Phrase grounding data:
+ + + + + + +

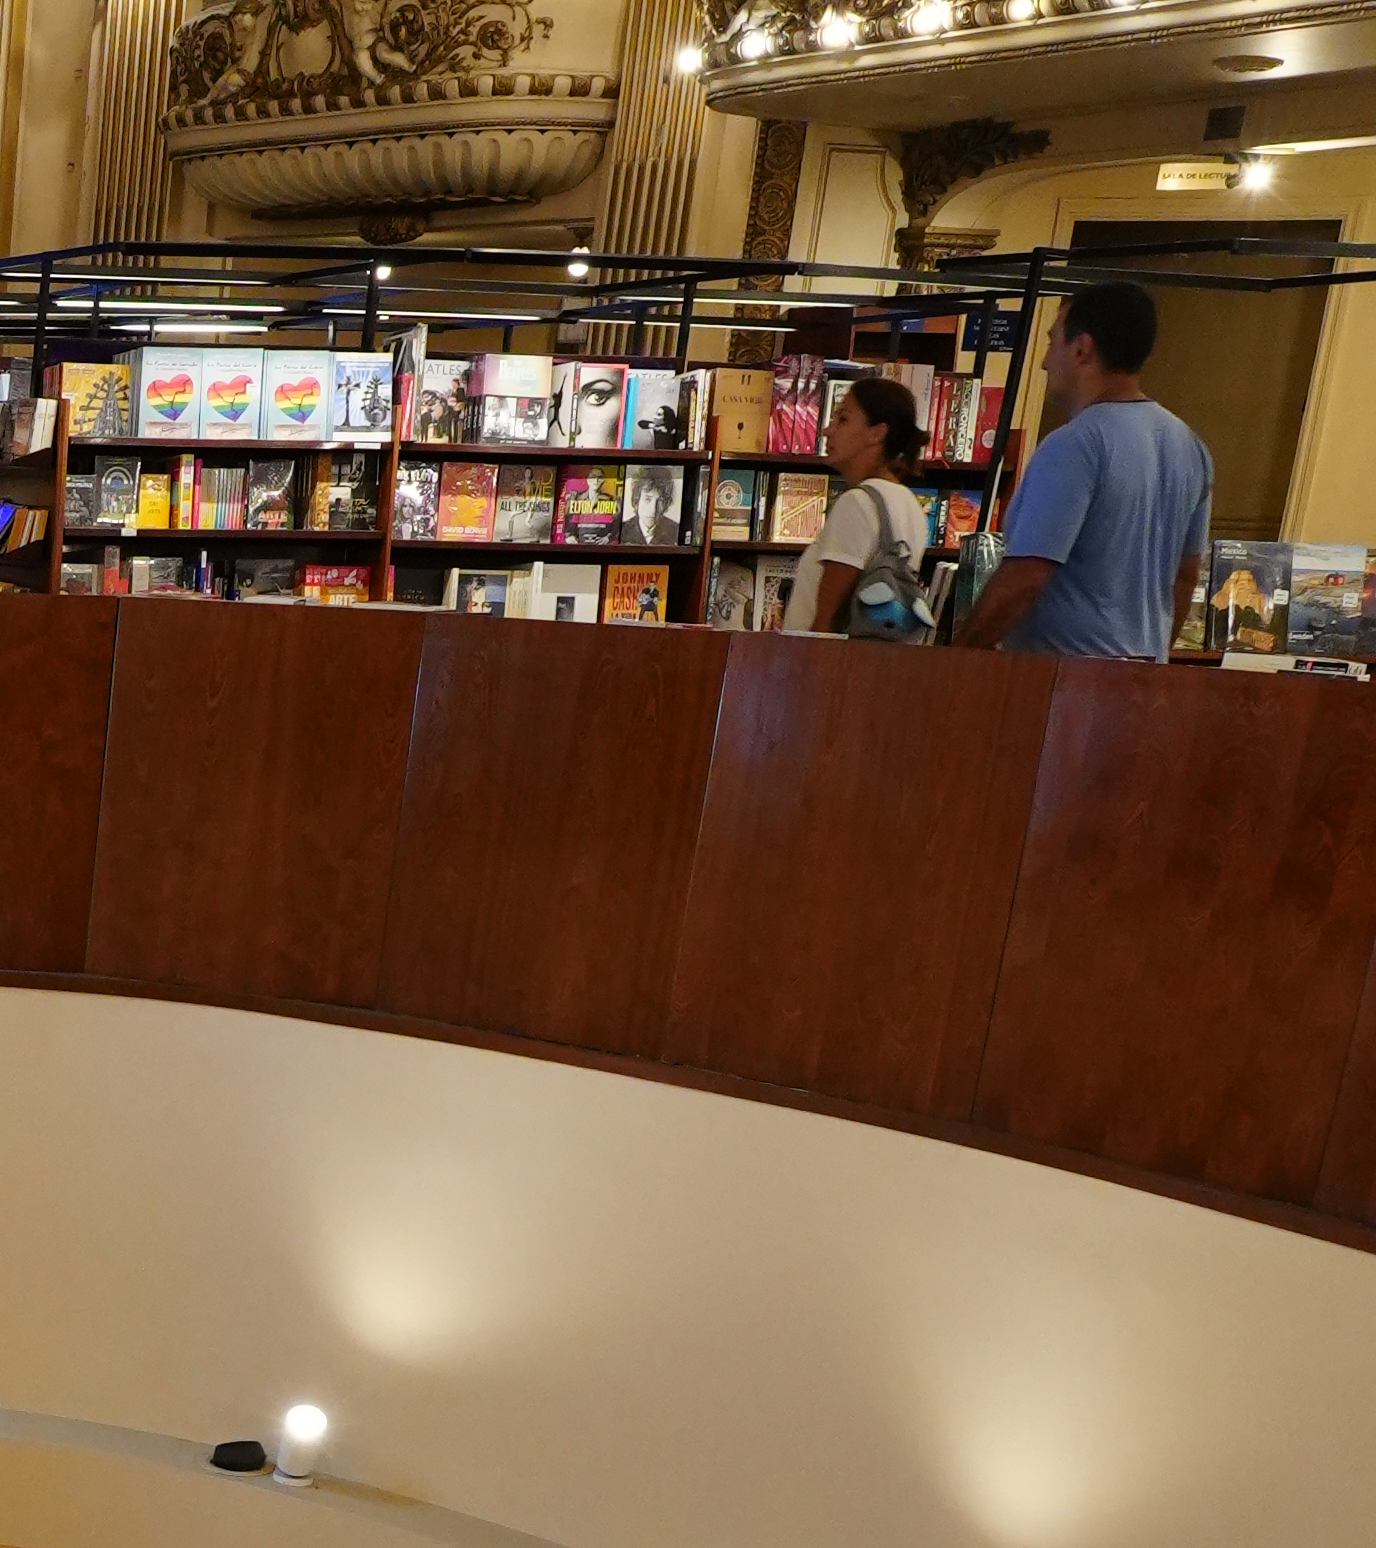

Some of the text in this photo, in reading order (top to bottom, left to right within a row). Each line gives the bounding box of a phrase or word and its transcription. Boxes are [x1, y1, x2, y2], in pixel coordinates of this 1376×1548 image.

[1162, 172, 1184, 180] SALA
[1185, 172, 1197, 180] DE
[424, 363, 462, 378] ATLES
[570, 499, 617, 515] ELTON JOHN
[442, 525, 488, 536] DAVID BOWIE
[614, 569, 661, 585] JOHNNY
[328, 594, 357, 607] ARTE
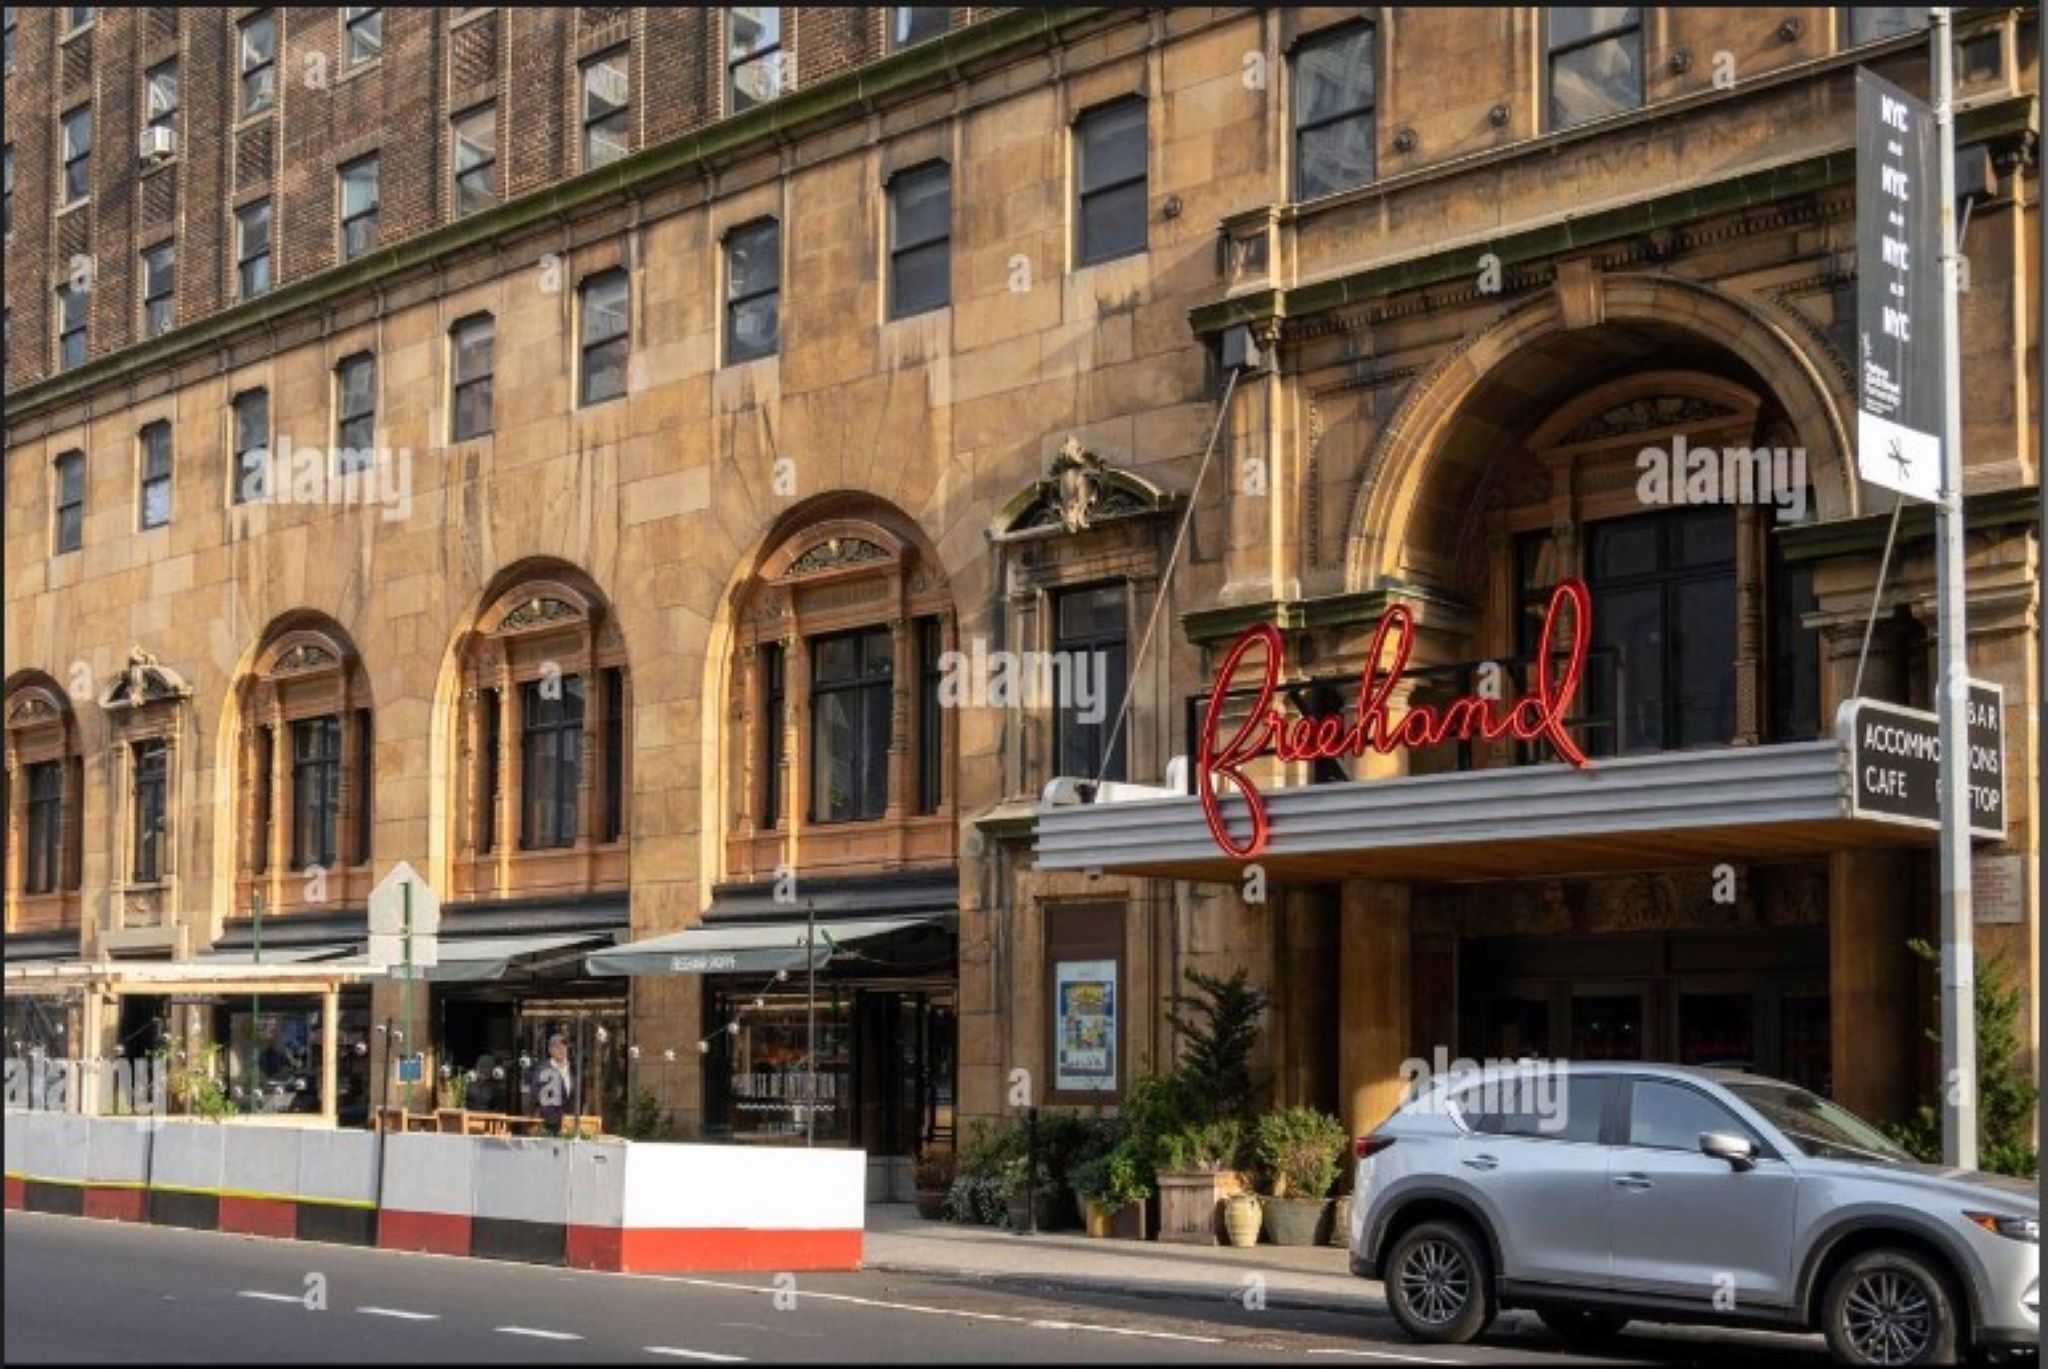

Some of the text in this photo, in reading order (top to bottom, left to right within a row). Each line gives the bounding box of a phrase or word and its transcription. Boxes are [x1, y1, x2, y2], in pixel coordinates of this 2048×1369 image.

[1882, 94, 1909, 132] NYC
[1882, 163, 1910, 201] NYC
[1882, 234, 1910, 271] NYC
[1883, 306, 1910, 342] NYC
[1199, 579, 1592, 859] freehand
[1967, 701, 1997, 731] BAR
[1864, 722, 1998, 775] ACCOMMOONS
[1865, 764, 1907, 798] CAFE

+ + + + + + +

▶ [Work task]: If an entry contains a picture, leave it out and repeat the rest exactly.

▶ [Exercise result]:
Some of the text in this photo, in reading order (top to bottom, left to right within a row). Each line gives the bounding box of a phrase or word and its transcription. Boxes are [x1, y1, x2, y2], in pixel coordinates of this 1376×1548 image.

[1162, 172, 1184, 180] SALA
[1185, 172, 1197, 180] DE
[424, 363, 462, 378] ATLES
[570, 499, 617, 515] ELTON JOHN
[442, 525, 488, 536] DAVID BOWIE
[614, 569, 661, 585] JOHNNY
[328, 594, 357, 607] ARTE

Some of the text in this photo, in reading order (top to bottom, left to right within a row). Each line gives the bounding box of a phrase or word and its transcription. Boxes are [x1, y1, x2, y2], in pixel coordinates of this 2048×1369 image.

[1882, 94, 1909, 132] NYC
[1882, 163, 1910, 201] NYC
[1882, 234, 1910, 271] NYC
[1883, 306, 1910, 342] NYC
[1199, 579, 1592, 859] freehand
[1967, 701, 1997, 731] BAR
[1864, 722, 1998, 775] ACCOMMOONS
[1865, 764, 1907, 798] CAFE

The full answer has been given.